_Instructions for the task_
Write out, exactly as they appear, only the lines running from the line with "this 1039×1632 image." to the final line of the listing; include both.

_Records for this exercise_

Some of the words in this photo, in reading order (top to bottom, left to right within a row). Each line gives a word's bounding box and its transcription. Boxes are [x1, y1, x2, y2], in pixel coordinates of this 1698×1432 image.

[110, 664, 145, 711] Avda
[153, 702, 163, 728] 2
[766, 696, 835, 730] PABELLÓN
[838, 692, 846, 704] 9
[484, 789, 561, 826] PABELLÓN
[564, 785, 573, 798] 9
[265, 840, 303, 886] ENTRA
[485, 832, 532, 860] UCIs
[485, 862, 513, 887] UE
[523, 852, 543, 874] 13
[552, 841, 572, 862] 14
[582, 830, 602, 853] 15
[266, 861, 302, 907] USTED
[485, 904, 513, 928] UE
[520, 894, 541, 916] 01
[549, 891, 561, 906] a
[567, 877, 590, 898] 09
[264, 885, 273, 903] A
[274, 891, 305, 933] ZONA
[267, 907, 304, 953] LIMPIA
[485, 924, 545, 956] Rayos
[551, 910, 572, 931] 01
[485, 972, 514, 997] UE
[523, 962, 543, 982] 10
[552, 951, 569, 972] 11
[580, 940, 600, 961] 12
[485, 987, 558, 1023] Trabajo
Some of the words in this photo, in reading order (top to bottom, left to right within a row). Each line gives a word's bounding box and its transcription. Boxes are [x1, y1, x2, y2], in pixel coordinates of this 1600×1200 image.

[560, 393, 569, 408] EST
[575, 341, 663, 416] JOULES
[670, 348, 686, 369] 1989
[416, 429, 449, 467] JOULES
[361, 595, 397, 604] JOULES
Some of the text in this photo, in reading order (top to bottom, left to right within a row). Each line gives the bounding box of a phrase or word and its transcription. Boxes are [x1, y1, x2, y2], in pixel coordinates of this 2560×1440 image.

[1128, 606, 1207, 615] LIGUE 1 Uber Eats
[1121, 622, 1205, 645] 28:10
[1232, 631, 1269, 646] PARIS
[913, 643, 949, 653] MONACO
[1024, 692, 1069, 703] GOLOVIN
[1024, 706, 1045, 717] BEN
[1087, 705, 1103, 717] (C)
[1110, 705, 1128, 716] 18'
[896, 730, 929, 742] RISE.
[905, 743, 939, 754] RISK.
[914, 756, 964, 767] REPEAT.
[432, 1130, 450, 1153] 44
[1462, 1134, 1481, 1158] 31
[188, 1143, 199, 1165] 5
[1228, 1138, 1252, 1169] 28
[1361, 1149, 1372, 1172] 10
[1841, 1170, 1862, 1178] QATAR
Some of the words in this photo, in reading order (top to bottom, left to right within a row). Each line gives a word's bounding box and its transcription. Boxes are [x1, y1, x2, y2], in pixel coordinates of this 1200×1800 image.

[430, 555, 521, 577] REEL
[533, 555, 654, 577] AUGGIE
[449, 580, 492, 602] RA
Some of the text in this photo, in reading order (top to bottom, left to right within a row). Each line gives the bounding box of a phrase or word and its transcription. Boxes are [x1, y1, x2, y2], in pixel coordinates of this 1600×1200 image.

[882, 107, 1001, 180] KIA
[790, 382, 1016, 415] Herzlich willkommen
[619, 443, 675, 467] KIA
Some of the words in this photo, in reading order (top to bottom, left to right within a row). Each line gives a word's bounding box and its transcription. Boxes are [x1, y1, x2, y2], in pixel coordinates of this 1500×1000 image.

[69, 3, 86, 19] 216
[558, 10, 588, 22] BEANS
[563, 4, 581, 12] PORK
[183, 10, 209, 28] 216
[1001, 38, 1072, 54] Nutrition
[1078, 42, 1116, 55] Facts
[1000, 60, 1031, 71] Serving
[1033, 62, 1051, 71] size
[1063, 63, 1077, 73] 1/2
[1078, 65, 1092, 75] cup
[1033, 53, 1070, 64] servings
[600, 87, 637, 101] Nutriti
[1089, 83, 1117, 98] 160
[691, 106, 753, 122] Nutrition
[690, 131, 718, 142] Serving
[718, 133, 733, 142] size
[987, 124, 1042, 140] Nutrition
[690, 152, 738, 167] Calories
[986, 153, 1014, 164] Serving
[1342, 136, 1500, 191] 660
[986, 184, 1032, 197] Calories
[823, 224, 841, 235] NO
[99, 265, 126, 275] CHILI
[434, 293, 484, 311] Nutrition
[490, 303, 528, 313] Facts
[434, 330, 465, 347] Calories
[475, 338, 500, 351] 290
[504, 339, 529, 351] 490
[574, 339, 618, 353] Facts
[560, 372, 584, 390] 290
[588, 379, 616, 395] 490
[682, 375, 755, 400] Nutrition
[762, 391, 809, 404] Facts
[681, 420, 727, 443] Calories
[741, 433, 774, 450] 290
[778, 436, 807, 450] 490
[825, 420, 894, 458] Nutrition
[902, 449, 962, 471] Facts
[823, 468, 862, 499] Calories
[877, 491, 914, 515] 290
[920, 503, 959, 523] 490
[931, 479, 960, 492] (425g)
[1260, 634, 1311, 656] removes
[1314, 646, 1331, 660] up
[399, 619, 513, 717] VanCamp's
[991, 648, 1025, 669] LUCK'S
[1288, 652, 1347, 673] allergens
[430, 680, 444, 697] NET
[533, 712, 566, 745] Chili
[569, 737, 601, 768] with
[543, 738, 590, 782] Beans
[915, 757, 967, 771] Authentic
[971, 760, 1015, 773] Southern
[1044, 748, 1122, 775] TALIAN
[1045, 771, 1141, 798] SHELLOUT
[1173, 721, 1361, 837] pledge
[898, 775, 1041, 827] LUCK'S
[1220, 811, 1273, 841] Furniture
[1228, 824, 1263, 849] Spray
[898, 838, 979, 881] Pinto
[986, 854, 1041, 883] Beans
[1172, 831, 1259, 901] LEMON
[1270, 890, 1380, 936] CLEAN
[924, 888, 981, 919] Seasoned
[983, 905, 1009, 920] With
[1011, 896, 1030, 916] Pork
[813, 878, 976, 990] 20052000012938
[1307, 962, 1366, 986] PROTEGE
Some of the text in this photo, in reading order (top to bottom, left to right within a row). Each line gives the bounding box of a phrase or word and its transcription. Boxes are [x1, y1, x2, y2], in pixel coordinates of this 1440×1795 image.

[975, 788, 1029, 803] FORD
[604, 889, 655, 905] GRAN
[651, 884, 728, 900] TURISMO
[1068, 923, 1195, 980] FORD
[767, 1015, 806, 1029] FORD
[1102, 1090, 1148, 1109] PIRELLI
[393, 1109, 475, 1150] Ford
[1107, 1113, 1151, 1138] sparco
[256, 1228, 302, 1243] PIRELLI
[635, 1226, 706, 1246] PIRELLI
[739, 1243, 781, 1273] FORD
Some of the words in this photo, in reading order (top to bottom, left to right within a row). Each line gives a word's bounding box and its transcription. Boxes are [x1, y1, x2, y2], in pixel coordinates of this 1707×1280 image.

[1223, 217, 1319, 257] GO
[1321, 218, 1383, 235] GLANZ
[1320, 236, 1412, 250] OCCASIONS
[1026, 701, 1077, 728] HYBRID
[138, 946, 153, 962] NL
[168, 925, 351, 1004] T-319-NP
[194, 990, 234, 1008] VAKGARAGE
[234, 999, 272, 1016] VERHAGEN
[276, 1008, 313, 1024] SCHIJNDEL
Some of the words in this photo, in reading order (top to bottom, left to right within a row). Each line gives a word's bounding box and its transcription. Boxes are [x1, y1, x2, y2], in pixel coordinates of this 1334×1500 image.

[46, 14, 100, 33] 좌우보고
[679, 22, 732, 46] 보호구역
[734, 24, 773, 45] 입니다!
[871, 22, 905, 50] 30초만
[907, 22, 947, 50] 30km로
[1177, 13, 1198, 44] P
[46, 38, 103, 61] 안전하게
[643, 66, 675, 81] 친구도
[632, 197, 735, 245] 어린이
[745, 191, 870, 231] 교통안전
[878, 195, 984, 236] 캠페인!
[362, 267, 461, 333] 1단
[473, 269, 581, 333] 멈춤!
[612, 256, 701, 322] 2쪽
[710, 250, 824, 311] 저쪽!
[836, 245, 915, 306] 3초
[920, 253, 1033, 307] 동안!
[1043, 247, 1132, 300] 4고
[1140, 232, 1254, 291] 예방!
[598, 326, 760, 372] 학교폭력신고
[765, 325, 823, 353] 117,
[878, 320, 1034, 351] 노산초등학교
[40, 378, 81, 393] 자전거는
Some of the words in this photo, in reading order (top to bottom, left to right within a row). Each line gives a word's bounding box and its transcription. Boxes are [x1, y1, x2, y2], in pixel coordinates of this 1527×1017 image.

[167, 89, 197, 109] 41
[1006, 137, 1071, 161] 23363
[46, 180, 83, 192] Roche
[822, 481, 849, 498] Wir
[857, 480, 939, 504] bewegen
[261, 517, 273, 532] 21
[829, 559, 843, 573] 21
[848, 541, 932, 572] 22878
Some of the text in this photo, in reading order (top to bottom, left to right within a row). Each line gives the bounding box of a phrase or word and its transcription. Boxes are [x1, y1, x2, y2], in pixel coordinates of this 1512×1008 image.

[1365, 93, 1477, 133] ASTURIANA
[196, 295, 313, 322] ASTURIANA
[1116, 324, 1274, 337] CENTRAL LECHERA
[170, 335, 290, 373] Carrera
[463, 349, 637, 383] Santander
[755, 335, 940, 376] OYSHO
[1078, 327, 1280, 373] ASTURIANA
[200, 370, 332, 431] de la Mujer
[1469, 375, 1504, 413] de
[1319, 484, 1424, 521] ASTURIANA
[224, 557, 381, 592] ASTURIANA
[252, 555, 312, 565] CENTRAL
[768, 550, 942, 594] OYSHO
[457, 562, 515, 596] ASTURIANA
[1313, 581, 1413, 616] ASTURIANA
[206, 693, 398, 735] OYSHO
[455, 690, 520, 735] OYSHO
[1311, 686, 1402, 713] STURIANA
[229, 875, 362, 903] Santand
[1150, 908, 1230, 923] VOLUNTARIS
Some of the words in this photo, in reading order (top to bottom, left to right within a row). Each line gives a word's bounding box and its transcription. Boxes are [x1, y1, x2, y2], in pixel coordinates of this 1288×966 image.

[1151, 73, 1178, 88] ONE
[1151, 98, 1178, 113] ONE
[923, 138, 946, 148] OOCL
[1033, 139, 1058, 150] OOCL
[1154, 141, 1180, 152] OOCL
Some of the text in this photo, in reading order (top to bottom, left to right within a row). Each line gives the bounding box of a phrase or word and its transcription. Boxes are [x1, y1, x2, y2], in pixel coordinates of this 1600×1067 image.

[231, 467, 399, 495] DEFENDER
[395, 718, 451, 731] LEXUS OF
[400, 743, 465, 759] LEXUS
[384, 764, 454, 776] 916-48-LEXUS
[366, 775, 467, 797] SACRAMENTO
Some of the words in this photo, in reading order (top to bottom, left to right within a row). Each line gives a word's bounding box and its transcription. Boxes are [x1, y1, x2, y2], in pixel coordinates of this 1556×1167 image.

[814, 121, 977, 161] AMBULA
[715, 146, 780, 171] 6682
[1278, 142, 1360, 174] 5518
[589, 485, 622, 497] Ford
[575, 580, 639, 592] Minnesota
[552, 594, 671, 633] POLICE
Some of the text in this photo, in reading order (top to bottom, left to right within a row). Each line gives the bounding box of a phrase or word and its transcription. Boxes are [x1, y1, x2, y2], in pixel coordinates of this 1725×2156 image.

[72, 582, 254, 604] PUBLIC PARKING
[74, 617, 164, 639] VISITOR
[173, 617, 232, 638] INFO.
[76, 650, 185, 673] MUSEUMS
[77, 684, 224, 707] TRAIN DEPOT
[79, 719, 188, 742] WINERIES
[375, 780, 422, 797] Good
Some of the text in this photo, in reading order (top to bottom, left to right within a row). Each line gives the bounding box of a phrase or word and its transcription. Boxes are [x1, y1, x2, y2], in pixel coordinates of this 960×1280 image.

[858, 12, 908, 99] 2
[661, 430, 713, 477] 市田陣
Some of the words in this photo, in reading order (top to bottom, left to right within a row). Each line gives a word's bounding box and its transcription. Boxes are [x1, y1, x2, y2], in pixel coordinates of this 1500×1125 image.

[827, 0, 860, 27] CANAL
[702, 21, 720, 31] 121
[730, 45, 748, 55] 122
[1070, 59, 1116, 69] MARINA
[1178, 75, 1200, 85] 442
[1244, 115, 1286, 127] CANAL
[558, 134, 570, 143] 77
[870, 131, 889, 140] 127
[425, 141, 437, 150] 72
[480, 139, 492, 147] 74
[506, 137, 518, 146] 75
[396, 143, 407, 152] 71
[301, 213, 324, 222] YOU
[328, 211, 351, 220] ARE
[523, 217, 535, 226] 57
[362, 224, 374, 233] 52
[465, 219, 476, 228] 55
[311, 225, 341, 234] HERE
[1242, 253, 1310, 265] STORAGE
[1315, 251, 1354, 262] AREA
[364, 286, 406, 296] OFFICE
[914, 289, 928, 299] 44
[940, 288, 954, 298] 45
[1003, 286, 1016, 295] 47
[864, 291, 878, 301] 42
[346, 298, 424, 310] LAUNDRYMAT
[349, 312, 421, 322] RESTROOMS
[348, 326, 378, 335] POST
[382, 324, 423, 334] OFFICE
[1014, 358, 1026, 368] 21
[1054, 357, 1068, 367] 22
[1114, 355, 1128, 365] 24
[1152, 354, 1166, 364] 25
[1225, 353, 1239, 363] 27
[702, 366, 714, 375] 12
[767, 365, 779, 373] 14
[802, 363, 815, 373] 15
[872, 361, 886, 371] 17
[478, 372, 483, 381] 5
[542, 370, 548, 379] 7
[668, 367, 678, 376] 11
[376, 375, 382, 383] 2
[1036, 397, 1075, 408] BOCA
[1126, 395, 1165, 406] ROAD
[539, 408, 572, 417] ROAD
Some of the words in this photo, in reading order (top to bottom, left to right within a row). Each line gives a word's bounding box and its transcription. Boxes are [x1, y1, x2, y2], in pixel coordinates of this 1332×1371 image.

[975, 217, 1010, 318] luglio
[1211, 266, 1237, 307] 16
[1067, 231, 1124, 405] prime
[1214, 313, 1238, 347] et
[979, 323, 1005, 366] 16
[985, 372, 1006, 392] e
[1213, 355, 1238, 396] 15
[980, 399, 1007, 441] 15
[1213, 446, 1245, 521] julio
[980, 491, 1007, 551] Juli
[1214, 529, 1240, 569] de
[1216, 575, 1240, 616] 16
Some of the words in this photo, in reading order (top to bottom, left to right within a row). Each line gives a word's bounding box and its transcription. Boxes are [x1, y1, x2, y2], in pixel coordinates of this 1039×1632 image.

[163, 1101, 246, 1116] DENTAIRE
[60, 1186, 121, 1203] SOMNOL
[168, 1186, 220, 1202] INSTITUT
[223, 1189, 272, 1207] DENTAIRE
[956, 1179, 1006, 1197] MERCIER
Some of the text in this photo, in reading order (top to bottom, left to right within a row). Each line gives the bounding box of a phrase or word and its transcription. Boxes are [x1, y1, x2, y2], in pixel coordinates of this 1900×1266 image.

_Output of the exercise_
Some of the words in this photo, in reading order (top to bottom, left to right within a row). Each line gives a word's bounding box and its transcription. Boxes are [x1, y1, x2, y2], in pixel coordinates of this 1039×1632 image.

[163, 1101, 246, 1116] DENTAIRE
[60, 1186, 121, 1203] SOMNOL
[168, 1186, 220, 1202] INSTITUT
[223, 1189, 272, 1207] DENTAIRE
[956, 1179, 1006, 1197] MERCIER
Some of the text in this photo, in reading order (top to bottom, left to right within a row). Each line gives the bounding box of a phrase or word and its transcription. Boxes are [x1, y1, x2, y2], in pixel coordinates of this 1900×1266 image.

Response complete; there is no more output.